Images for object localization
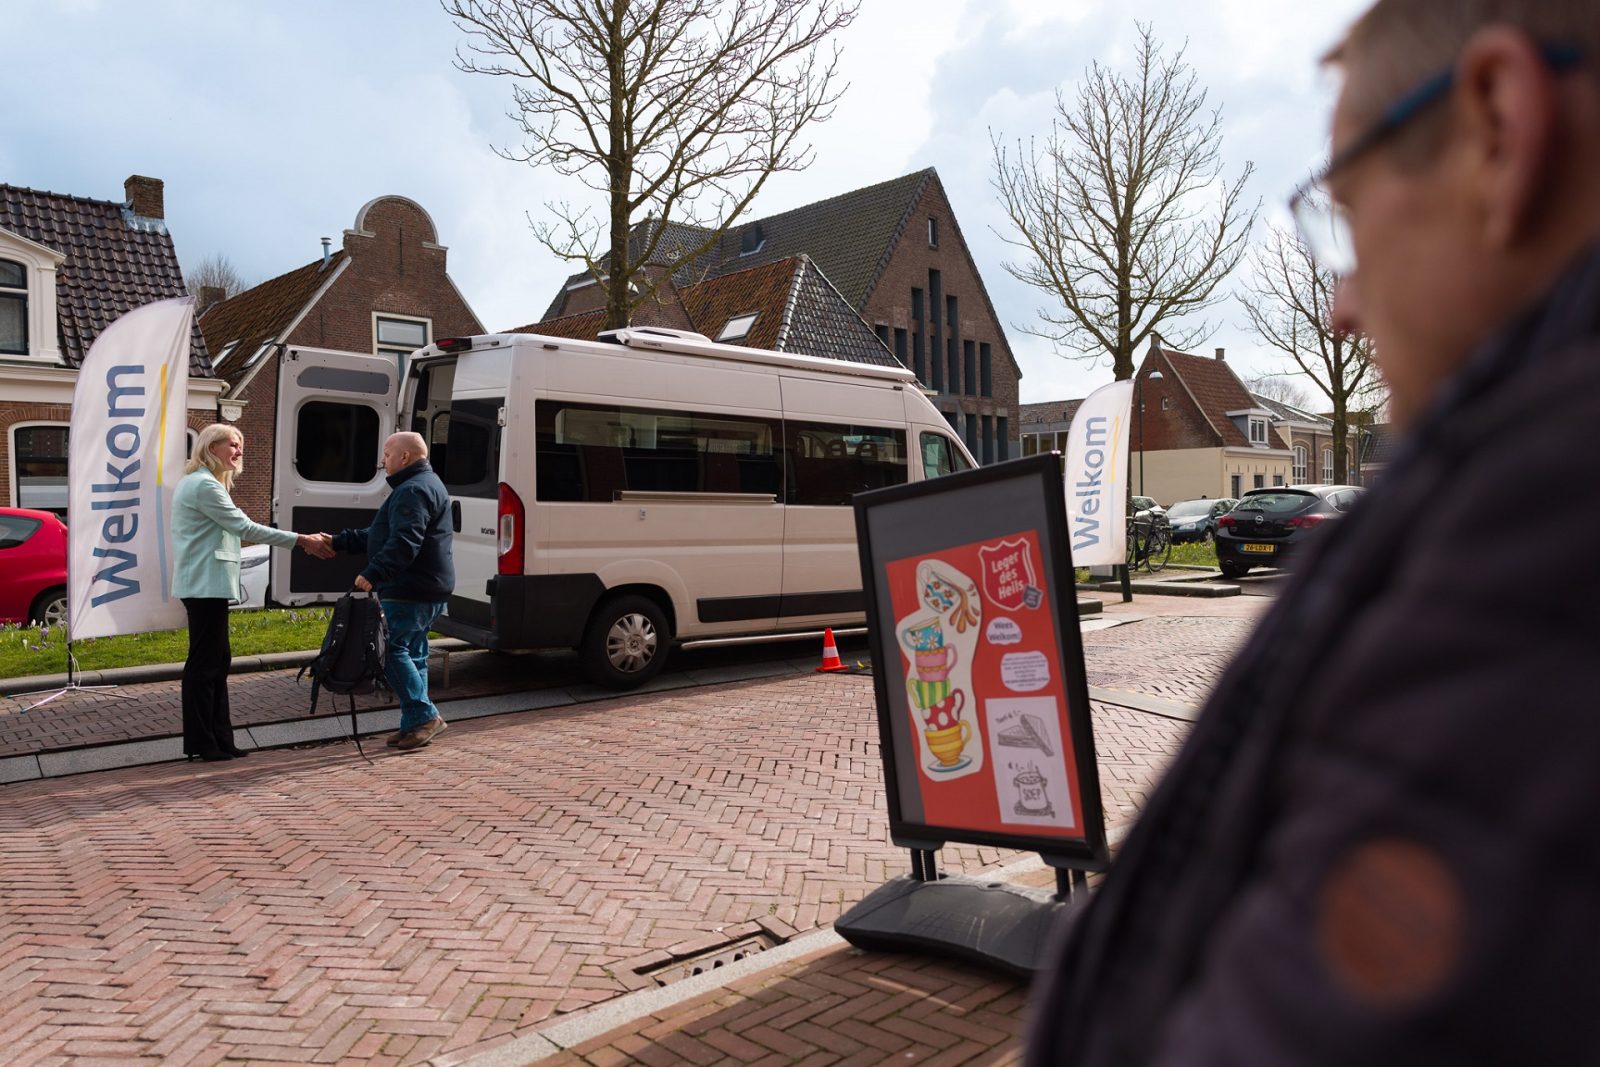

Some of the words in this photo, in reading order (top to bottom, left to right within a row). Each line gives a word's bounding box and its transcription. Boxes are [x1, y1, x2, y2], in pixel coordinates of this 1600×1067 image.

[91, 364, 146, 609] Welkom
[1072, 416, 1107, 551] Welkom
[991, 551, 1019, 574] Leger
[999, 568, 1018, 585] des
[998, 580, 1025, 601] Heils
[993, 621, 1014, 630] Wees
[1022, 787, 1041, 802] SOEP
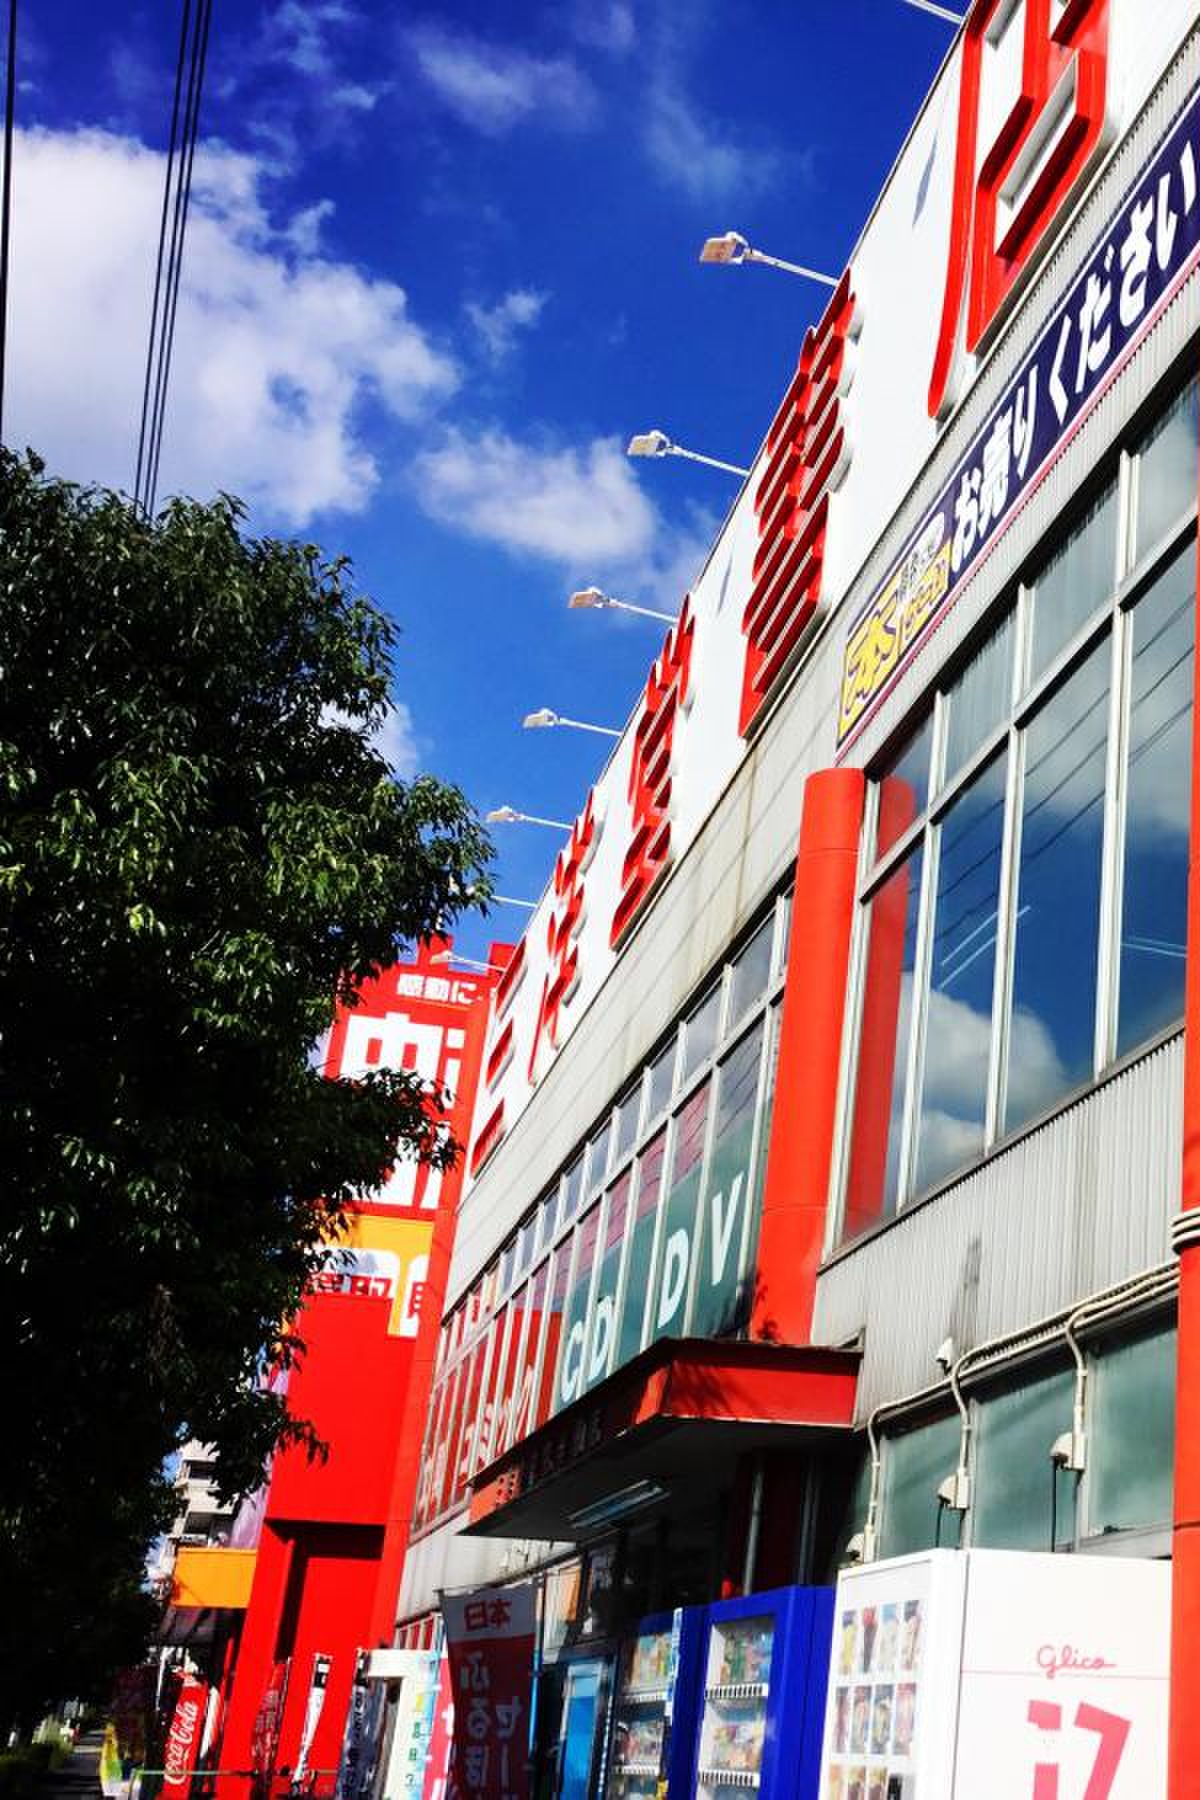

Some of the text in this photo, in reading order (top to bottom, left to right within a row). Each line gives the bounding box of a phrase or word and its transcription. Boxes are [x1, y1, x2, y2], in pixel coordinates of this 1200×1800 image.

» WORK ORDER: Retype the records exactly, but skip the pictures.

» OUTPUT FOR THIS TASK:
Some of the words in this photo, in reading order (top to bottom, left to right within a row). Each line gives a word's bounding box and its transcription. Boxes are [x1, y1, x2, y2], in pixel coordinates of this 1600×1067 image.

[91, 364, 146, 609] Welkom
[1072, 416, 1107, 551] Welkom
[991, 551, 1019, 574] Leger
[999, 568, 1018, 585] des
[998, 580, 1025, 601] Heils
[993, 621, 1014, 630] Wees
[1022, 787, 1041, 802] SOEP

Some of the text in this photo, in reading order (top to bottom, left to right within a row). Each line gives the bounding box of a phrase or word and its transcription. Boxes are [x1, y1, x2, y2], in pixel coordinates of this 1200×1800 image.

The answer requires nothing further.